An intrinsic reward comes from within us. It’s intangible, often hidden even to the person who wants them. We want it because of the lasting and fulfilling feeling or experience we get from it.

Which Is Which?

It’s often tough telling them apart. Imagine two players, Zorgon and Angerelica. Both want to level-up their characters, desire more magic items, and to hear the lamentations of their foes.

Zorgon wants power as proof to others he’s an amazing player. He also wants power to dominate others. Unless he can exert control over someone or something else, he’s frustrated. It’s a win or you’ve lost world for Zorgon.

Angelica sees a powerful character as testimony to her skills.
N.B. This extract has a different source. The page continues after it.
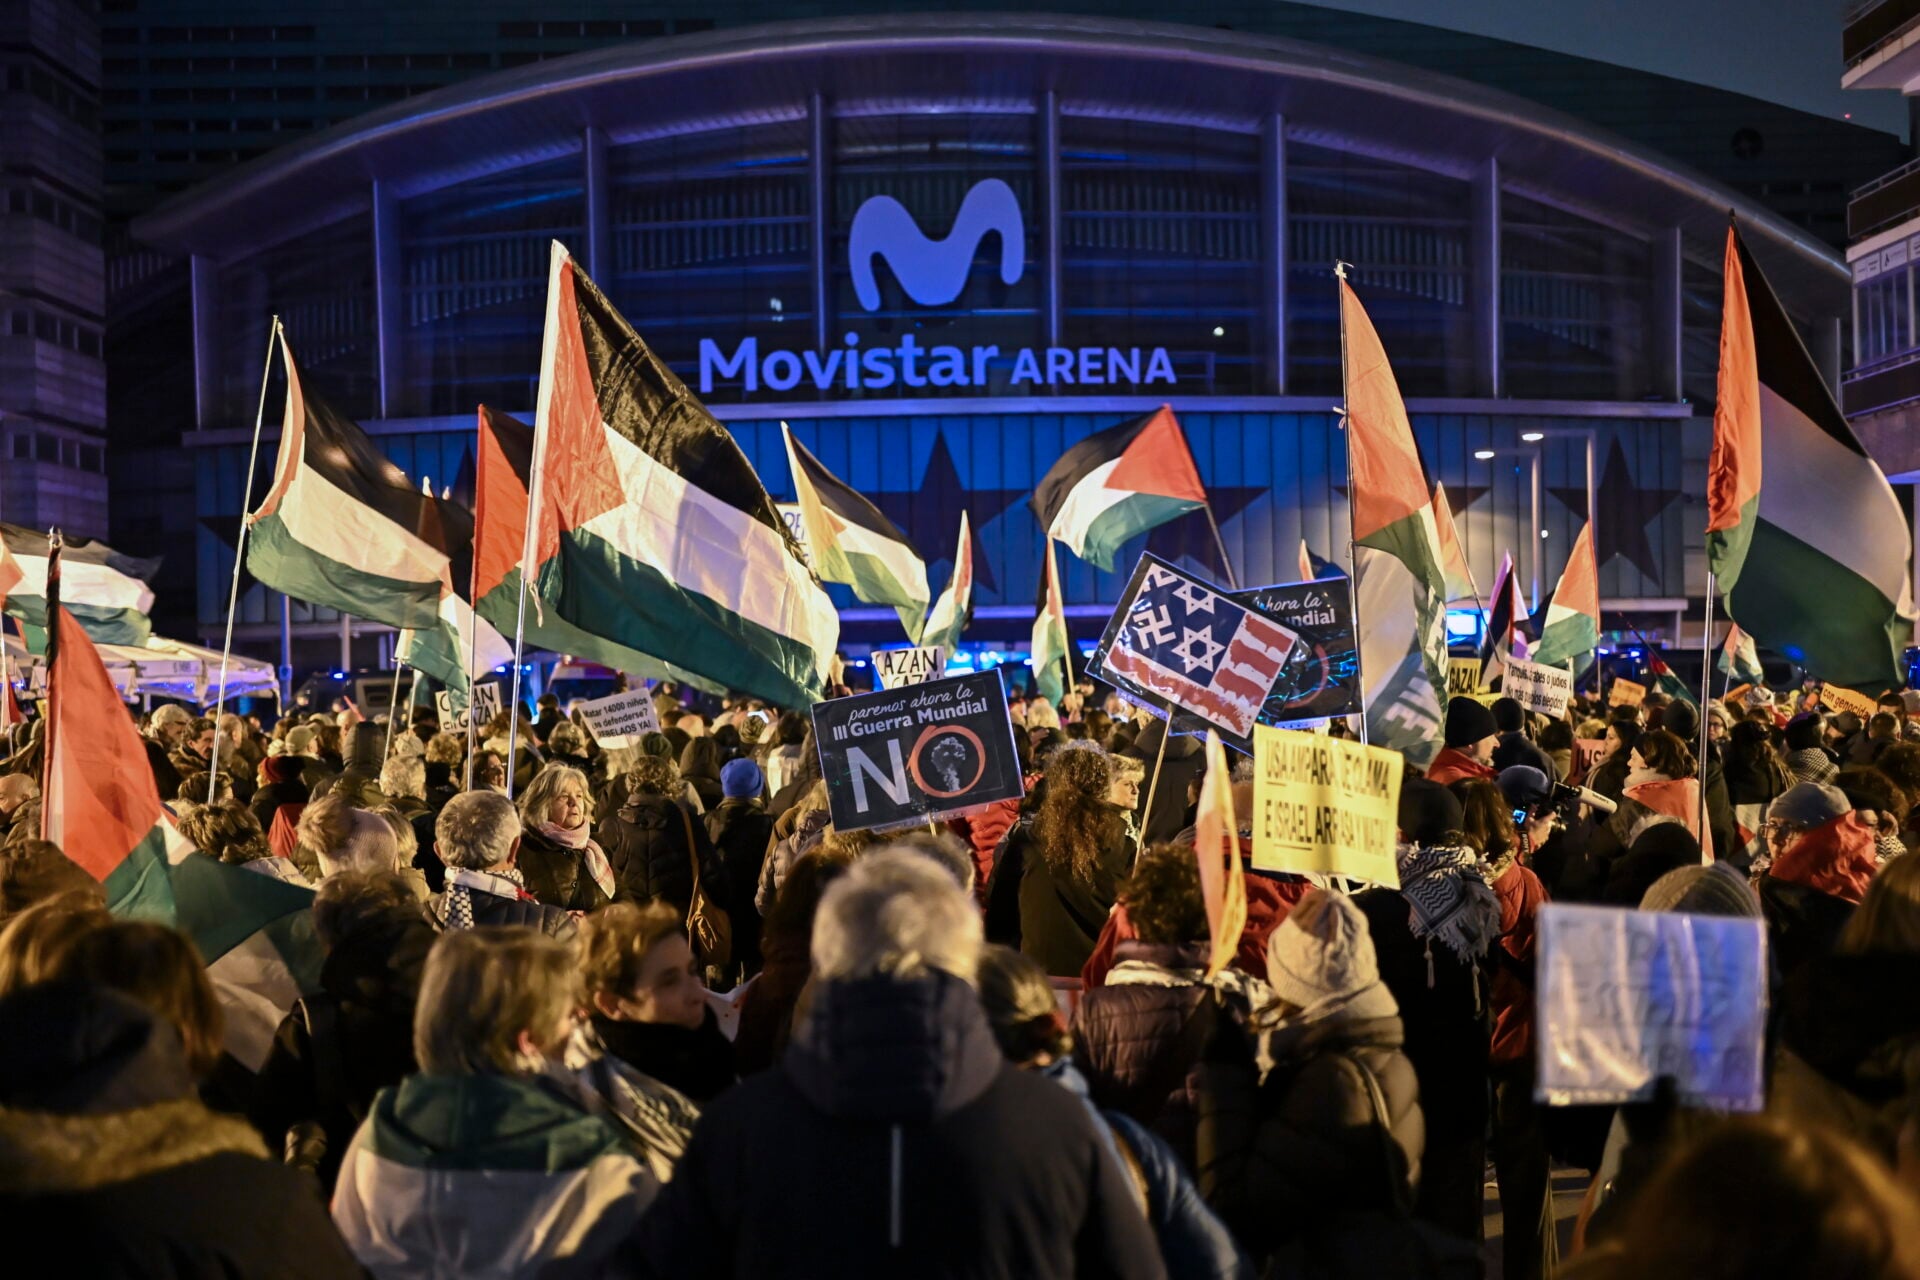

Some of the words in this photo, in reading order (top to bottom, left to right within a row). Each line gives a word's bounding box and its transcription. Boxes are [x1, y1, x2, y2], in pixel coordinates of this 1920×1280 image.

She loves challenging gameplay to learn and improve from. She’s just as happy to make an assist as she is to be the goal scorer. She hates losing because it means she made a mistake or she still does not understand something.

We are all driven by emotion, which is internal.

But what pulls on those strings?

Is it the the false need for the shiny new thing for social status or to get it before anyone else? Or is it a healthier motive for self-exploration, self-improvement, to make oneself truly happy as well as those around us?

Who Is What?

Needless to say, your extrinsic players will be the most problematic over the long run.

We all have a mixture of Intrinsic vs. Extrinsic. We all want purpose and status at the game and within the game. But those governed by external factors have needs based on that which they do not control. So, inevitably, they will be disappointed.

Think about the player who sulks from bad luck and complains that you or the game is  unfair.

Or the player who gets bored easily and becomes disruptive.

And the player who expects a specific social contract, such as the GM always presenting encounters balanced and solvable for the party’s current level.

Guilty

The embarrassing part is I can raise my hand to the bad gaming sins above. However, these past few years I’ve been wicking away my extrinsic desires and working on deepening intrinsic ones. I still have a ways to go.

I’m skeptical that extrinsically dominated players not motived to become self-aware, or do some navel gazing, or see how their words and actions affect others, will change.

Perhaps you have some methods that have worked. But we should not discard these players either. Not without first challenging ourselves to make it work. We cannot control others. But we can demonstrate, be the example, be gracious hosts, and be great game masters.